The enthusiasm responsible for the worldwide Woman’s Movement was generated in the revolt against such gross injustices. The most satisfactory achievements of the movement have been secured in the Scandinavian countries, where the splendid code of laws protecting all women and children was founded on the instinct to defend the weakest, and upon a determination to lighten that social opprobrium which makes it so unreasonably difficult for a mother to support a child born out of wedlock. In Germany, when the presence of over a million illegitimate children under the age of fourteen years made the situation acute, the best women of the nation, asserting that all attempts to deal out social punishment upon the mothers resulted only in a multitude of ill-nourished and weakened children, founded “The Mutterchutz” Movement. Through its efforts to secure justice and protection for these mothers, it has come to be the great defender of the legal rights of all German women.

Many achievements of the modern movement demonstrate that woman deals most efficiently with fresh experiences when she coalesces them into the impressions Memory has kept in store for her. Eagerly seeking continuity with the past by her own secret tests of affinity, she reinforces and encourages Memory’s instinctive processes of selection. If she develops her craving for continuity into a willingness to subordinate a part to the whole and into a sustained and self-forgetful search for congruity and harmony with a life which is greater than hers, she may lift the entire selective process into the realm of Art; at least so far as Art is dependent upon proportion and so far as beauty hangs upon an ineffable balance between restraint and inclusion. Hungry for this finely proportioned living, she may at length become a disciple of Diotema, the wisest woman of antiquity, who asserted that the life which above all we should live, must be discovered by faithful and strenuous search for ever-widening kinds of beauty.

In woman’s search for “the eternal moment,” balanced independently of time itself because so melted both into memories of the past and into surmises of new beauty for the future of her children’s children, she may recognize as one of the universal harmonies the touching devotion of the endless multitude of mothers who were the humble vessels for life’s continuance and who carried the burden in safety to the next generation.
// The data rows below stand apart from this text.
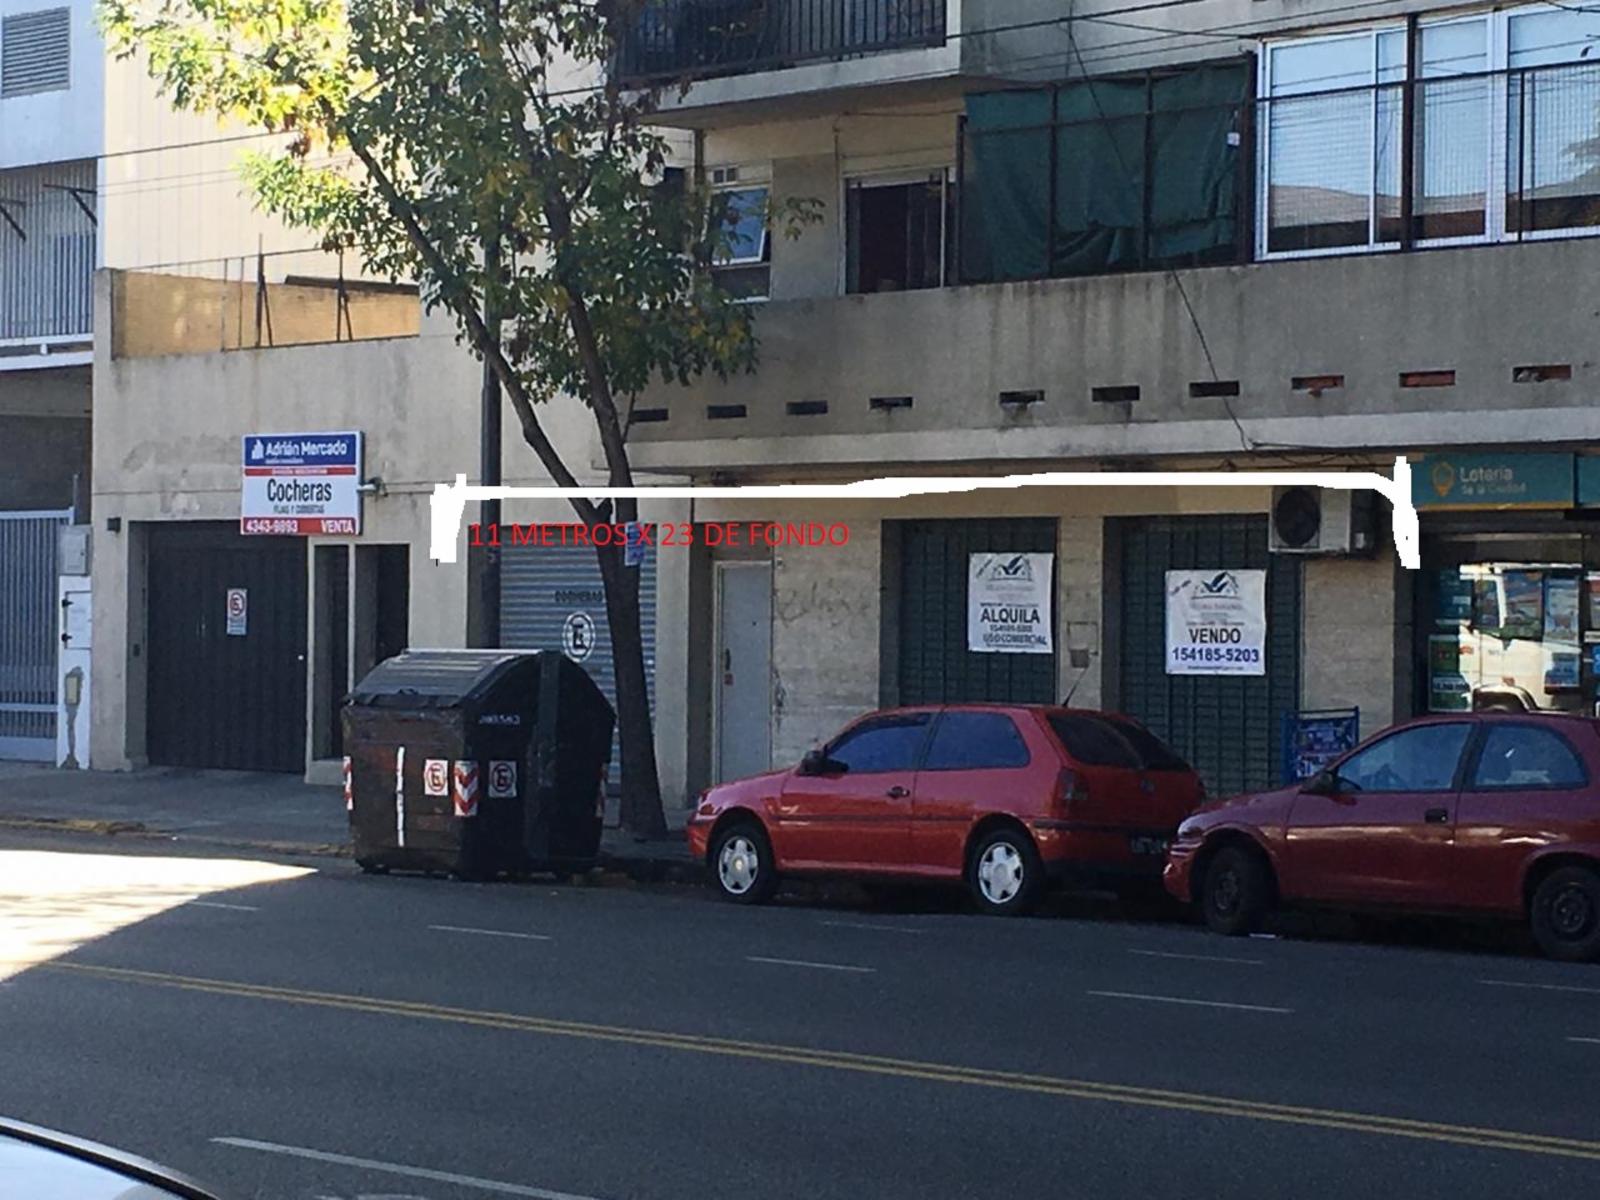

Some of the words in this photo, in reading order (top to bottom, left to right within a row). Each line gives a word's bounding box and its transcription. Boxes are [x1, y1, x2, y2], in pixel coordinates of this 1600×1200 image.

[301, 440, 347, 456] Mercado
[267, 478, 332, 502] Cocheras
[321, 519, 355, 533] VENTA
[980, 607, 1041, 624] ALQUILA
[1189, 627, 1242, 644] VENDO
Maternal affection and solicitude, in woman’s remembering heart, may at length coalesce into a chivalric protection for all that is young and unguarded. This chivalry of women expressing protection for those at the bottom of society, so far as it has already developed, suggests a return to that idealized version of chivalry which was the consecration of strength to the defence of weakness, unlike the actual chivalry of the armed knight who served his lady with gentle courtesy while his fields were ploughed by peasant women misshapen through toil and hunger.
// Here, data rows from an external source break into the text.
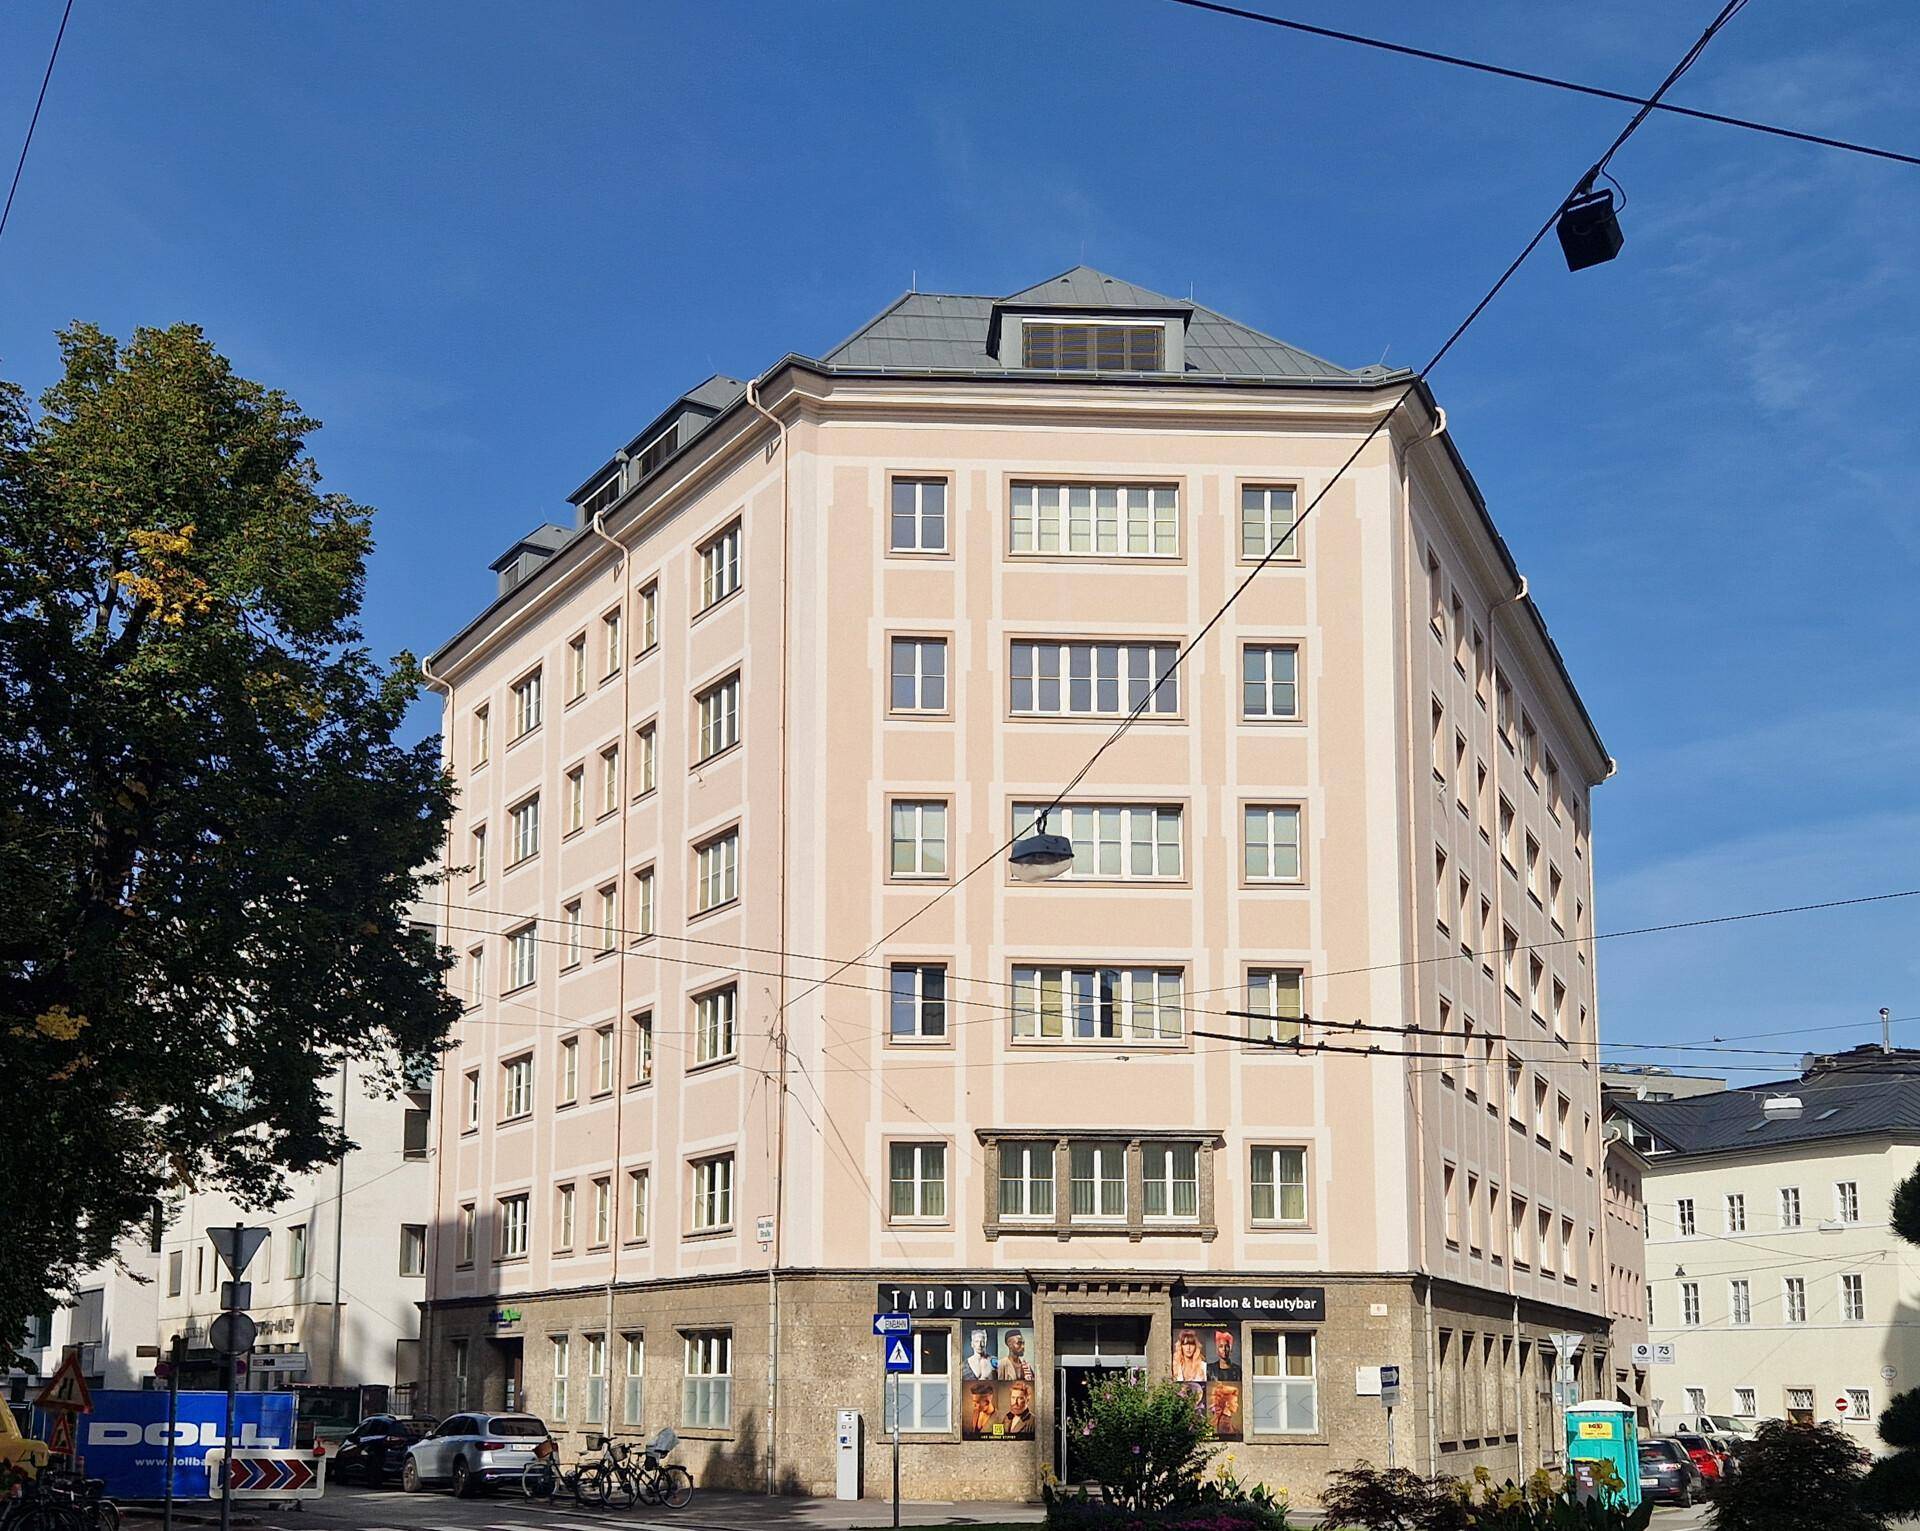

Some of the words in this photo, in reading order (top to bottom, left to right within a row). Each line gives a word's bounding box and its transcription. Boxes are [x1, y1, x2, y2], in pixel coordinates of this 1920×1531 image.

[891, 1290, 1020, 1310] TARQUINI
[1181, 1295, 1239, 1309] hairsalon
[1242, 1297, 1251, 1309] &
[1254, 1296, 1317, 1312] beautybar
[885, 1318, 907, 1329] EINBAHN
[88, 1422, 280, 1446] DOLL
As an example of this new chivalry, the Hungarian women have recently risen in protest against a proposed military regulation requiring that all young women in domestic service, who are living in the vicinity of barracks, be examined each week by medical officers in order to protect the soldiers from disease. The good women in Hungary spiritedly resented the assumption that these girls, simply because they are the least protected of any class in the community, should be subjected to this insult.
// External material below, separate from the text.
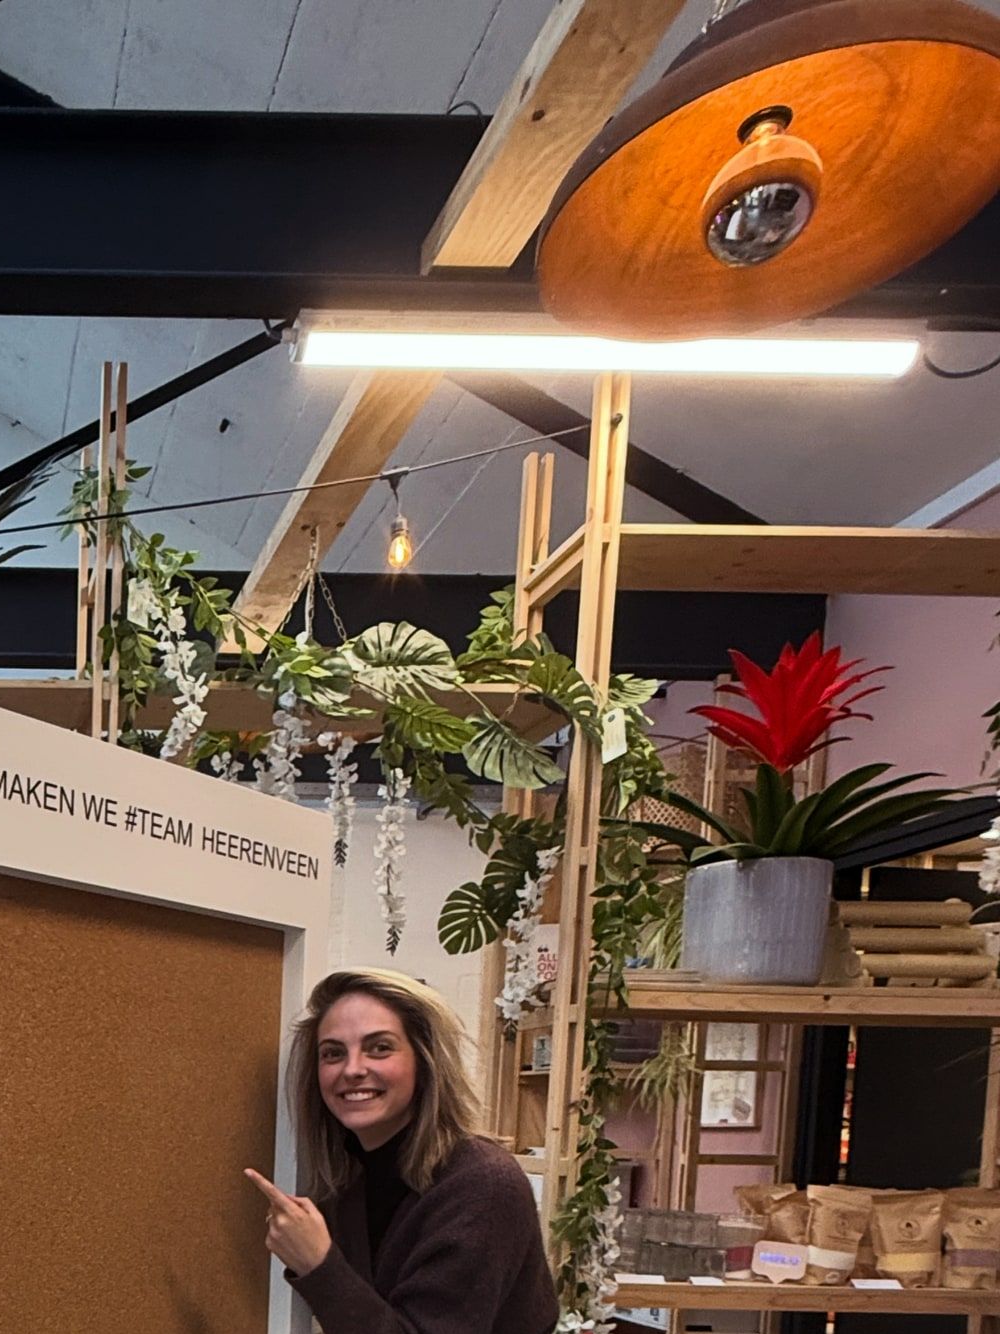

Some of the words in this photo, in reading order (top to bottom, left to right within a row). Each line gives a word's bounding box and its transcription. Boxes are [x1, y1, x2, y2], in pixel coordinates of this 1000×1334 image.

[82, 791, 118, 828] WE
[124, 804, 193, 848] #TEAM
[202, 826, 319, 880] HEERENVEEN
An instance of this sort once again illustrates that moral passion is the only solvent for prejudice, and that women have come to feel reproached and disturbed when they ignore the dynamic urgency of memories as fundamental as those upon which prohibitive conventions are based.

CHAPTER IV
WOMEN’S MEMORIES—INTEGRATING INDUSTRY

If it has always been the mission of literature to translate the particular act into something of the universal, to reduce the element of crude pain in the isolated experience by bringing to the sufferer a realization that his is but the common lot, this mission may have been performed through such stories as that of the Devil Baby for simple, hardworking women who at any given moment compose the bulk of the women in the world.

Certainly some of the visitors to the Devil Baby attempted to generalize and evidently found a certain enlargement of the horizon, an interpretation of life as it were, in the effort. They exhibited that confidence which sometimes comes to the more literate person when, finding himself morally isolated among those hostile to his immediate aims, his reading assures him that other people in the world have thought as he does. Later when he dares to act on the conviction his own experience has forced upon him, he has become so conscious of a cloud of witnesses torn out of literature and warmed into living comradeship, that he scarcely distinguishes them from the likeminded people actually in the world whom he has later discovered as a consequence of his deed.